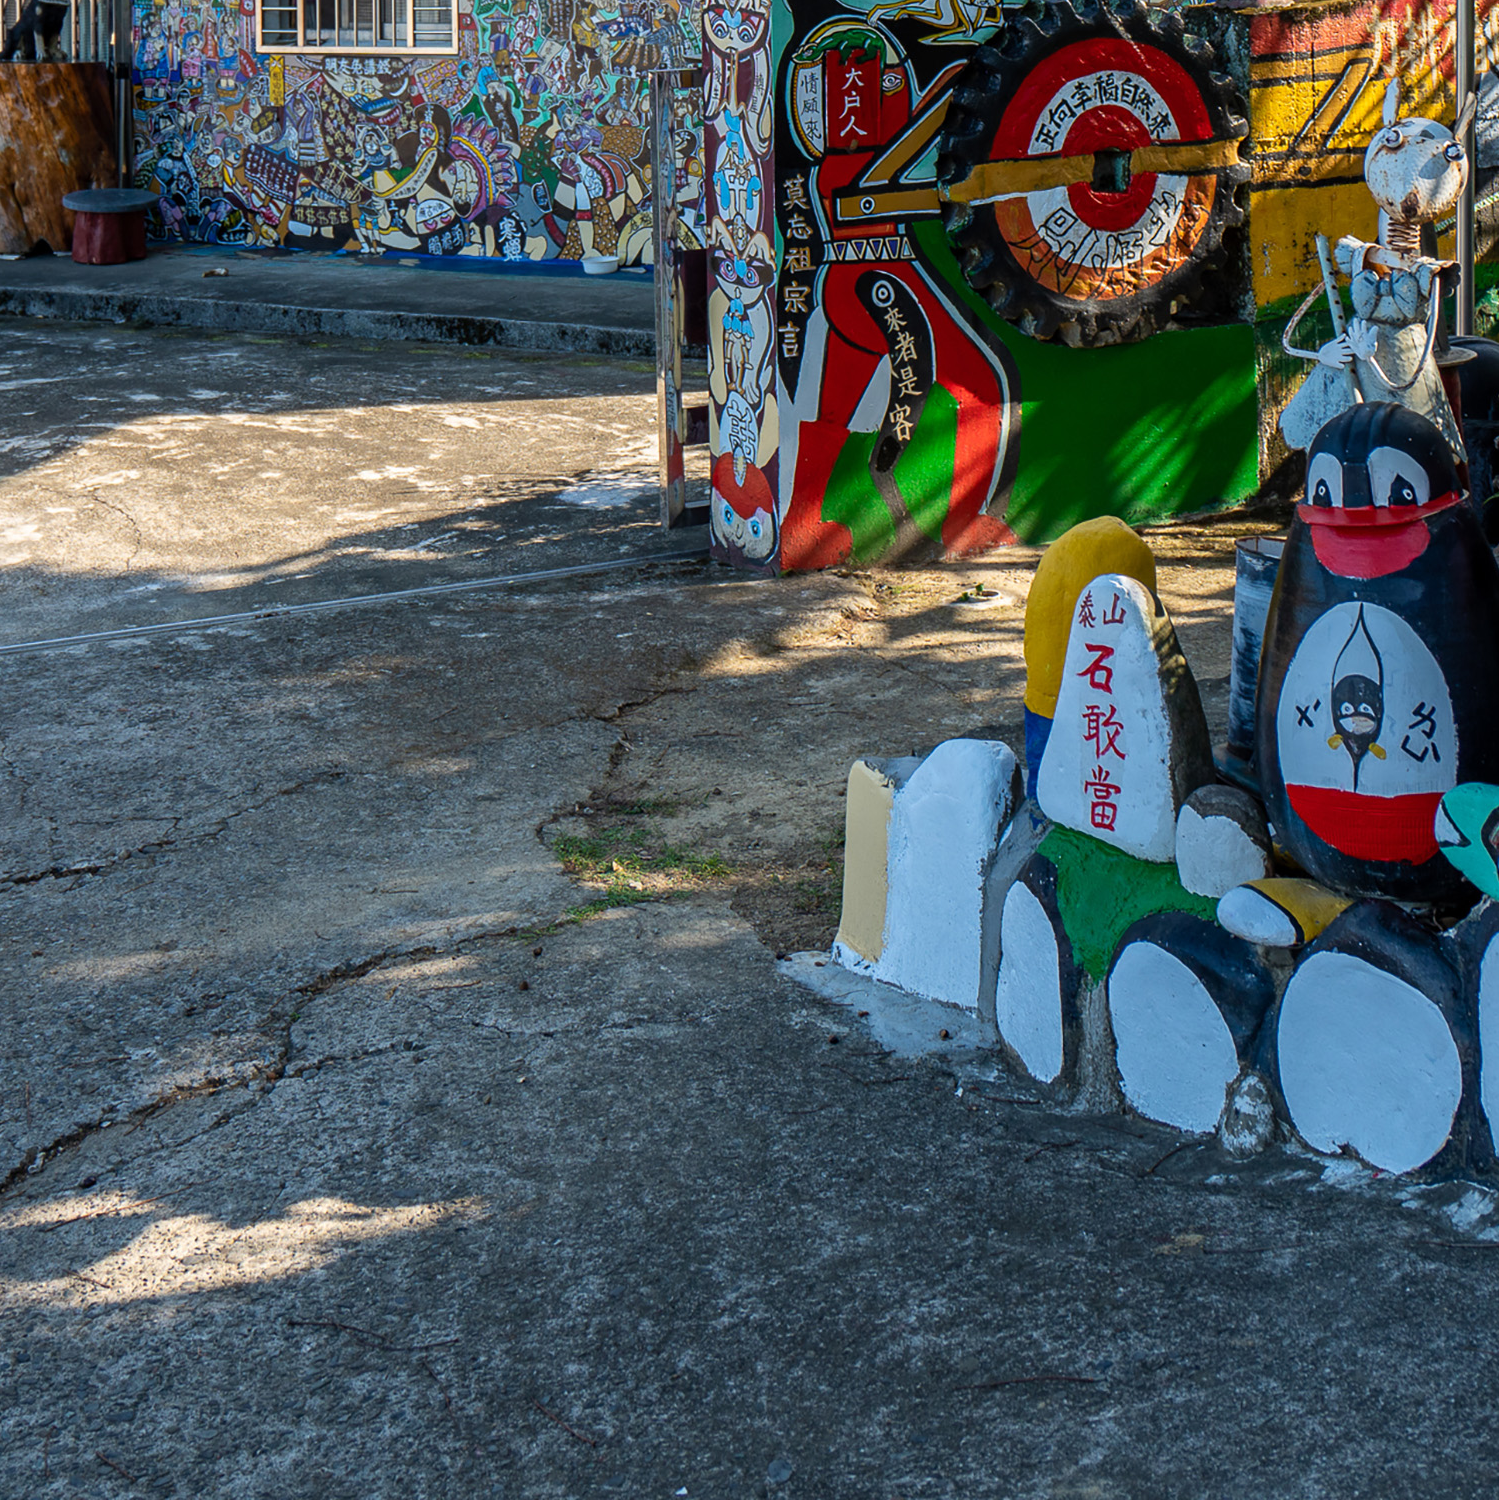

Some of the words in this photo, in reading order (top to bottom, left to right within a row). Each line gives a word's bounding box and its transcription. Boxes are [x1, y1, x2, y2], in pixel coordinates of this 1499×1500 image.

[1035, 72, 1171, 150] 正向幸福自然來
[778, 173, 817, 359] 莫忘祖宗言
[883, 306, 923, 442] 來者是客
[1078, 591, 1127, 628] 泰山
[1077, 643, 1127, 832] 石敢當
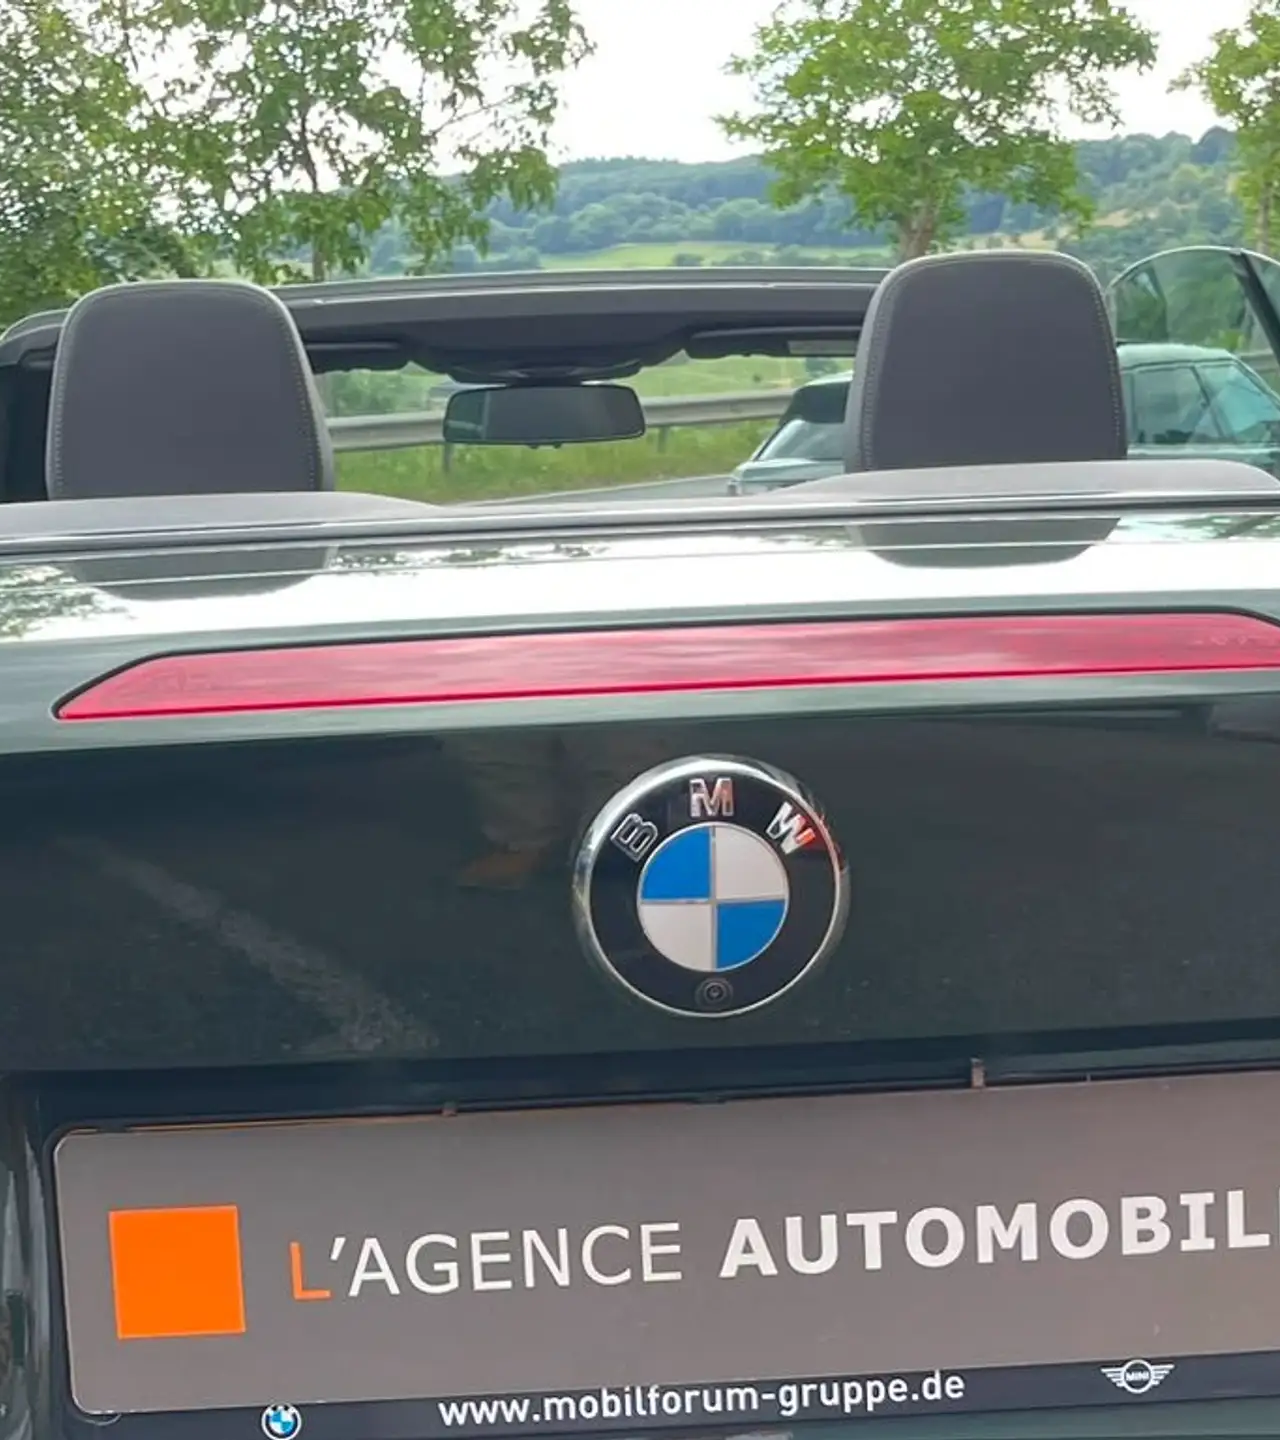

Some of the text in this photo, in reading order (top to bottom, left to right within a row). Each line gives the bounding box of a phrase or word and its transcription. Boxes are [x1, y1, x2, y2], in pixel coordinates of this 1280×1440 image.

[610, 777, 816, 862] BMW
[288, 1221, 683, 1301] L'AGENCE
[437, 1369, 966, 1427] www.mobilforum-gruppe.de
****
### Exercise goal
In your copy of the entries above, keep the text exact and leave out the pictures.

### Finished task
Some of the words in this photo, in reading order (top to bottom, left to right within a row). Each line gives a word's bounding box and its transcription. Boxes are [x1, y1, x2, y2], in pixel coordinates of this 1499×1500 image.

[1035, 72, 1171, 150] 正向幸福自然來
[778, 173, 817, 359] 莫忘祖宗言
[883, 306, 923, 442] 來者是客
[1078, 591, 1127, 628] 泰山
[1077, 643, 1127, 832] 石敢當

Some of the text in this photo, in reading order (top to bottom, left to right within a row). Each line gives the bounding box of a phrase or word and its transcription. Boxes are [x1, y1, x2, y2], in pixel coordinates of this 1280×1440 image.

[610, 777, 816, 862] BMW
[288, 1221, 683, 1301] L'AGENCE
[437, 1369, 966, 1427] www.mobilforum-gruppe.de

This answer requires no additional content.